First OpenOffice Virus, Not In the Wild

Posted by kdawson on from the raucous-laughter-in-Redmond dept.

NZheretic writes "According to APCmag, the first cross-platform OpenOffice.org virus — 'SB/Badbunny-A' — was emailed directly to Sophos from the virus developers. The proof-of-concept virus affects Windows, Mac OS X, and Linux systems and uses different methods on each. It has not yet been seen in the wild. Despite Sun's OpenOffice.org developer Malte Timmermann's claims to the contrary, this kind of embedded scripting attack represents a real threat to OpenOffice.org users. Back in June 2000 when Sun first announced the open sourcing of OpenOffice.org, the twelfth email to the open discussion list put forward a two-part solution for providing OpenOffice users with Safe(r) Scripting using restricted-mode execution by default and access by signed digital certificates. In October 2000 the issue of treating security as an 'add-on' feature rather than as a 'system property' was again raised. Is it time to now introduce such measures to the OpenOffice.org Core to greatly reduce any future risk from scripted infections?"

3 of 169 comments (clear)

  1. The real problem by Anonymous Coward · · Score: 5, Funny

    Scripting itself is a virus that spreads through programmers: once a programmer has seen scripting somewhere it doesn't belong, he feels a sudden urge to add scripting to the project he's working on.

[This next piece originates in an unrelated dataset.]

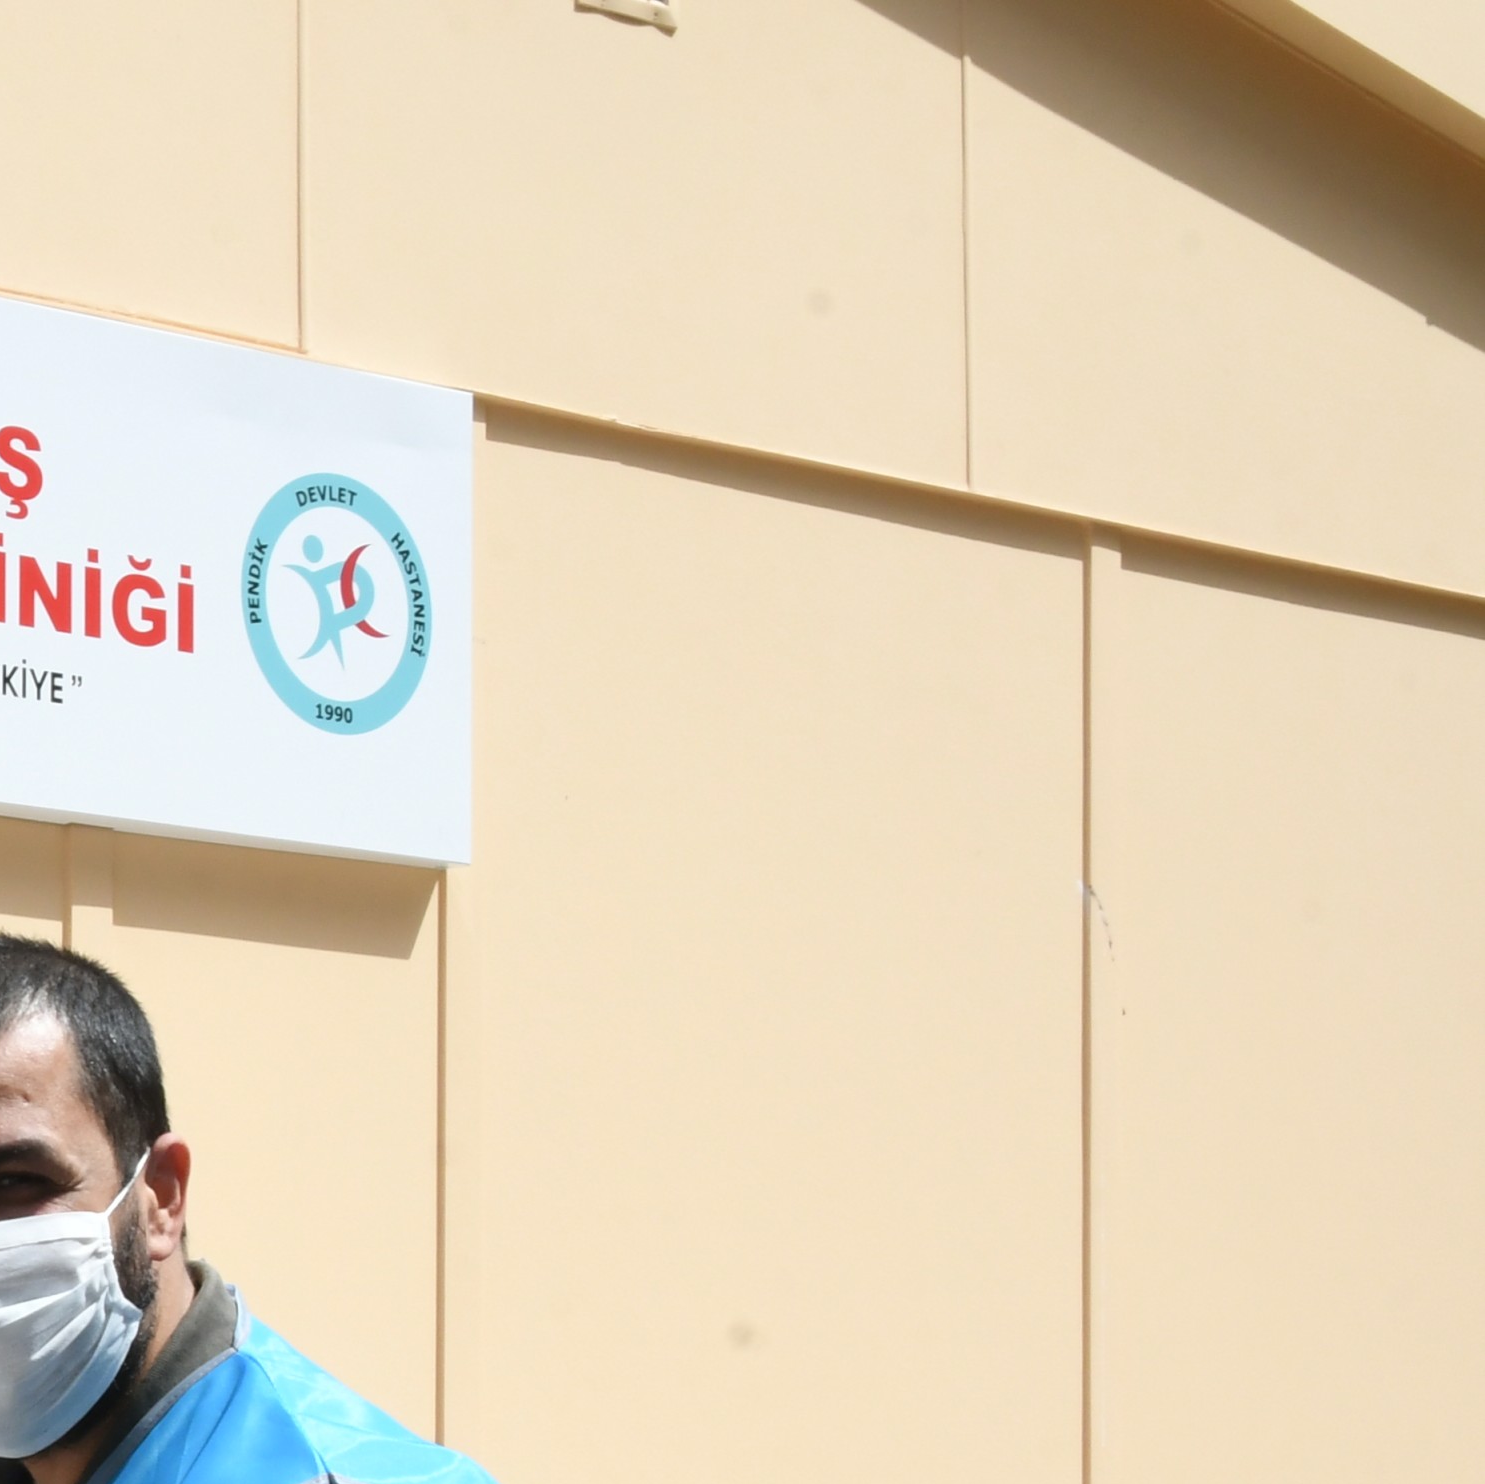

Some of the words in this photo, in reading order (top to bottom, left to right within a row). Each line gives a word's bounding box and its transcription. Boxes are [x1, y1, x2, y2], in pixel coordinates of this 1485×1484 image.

  2. Re:The backdoor from hell by truthsearch · · Score: 5, Funny

    I give it about 9 months before something ala SOBig/Blaster hits the *nix scene...

    You just conceived it? Congratulations! Do you have a name picked out?

    --
    Developers: We can use your help.
  3. Re:The backdoor from hell by ettlz · · Score: 5, Funny

    You just conceived it? Congratulations! Do you have a name picked out?

    The "backdoor from hell" already has a name: hello.jpg.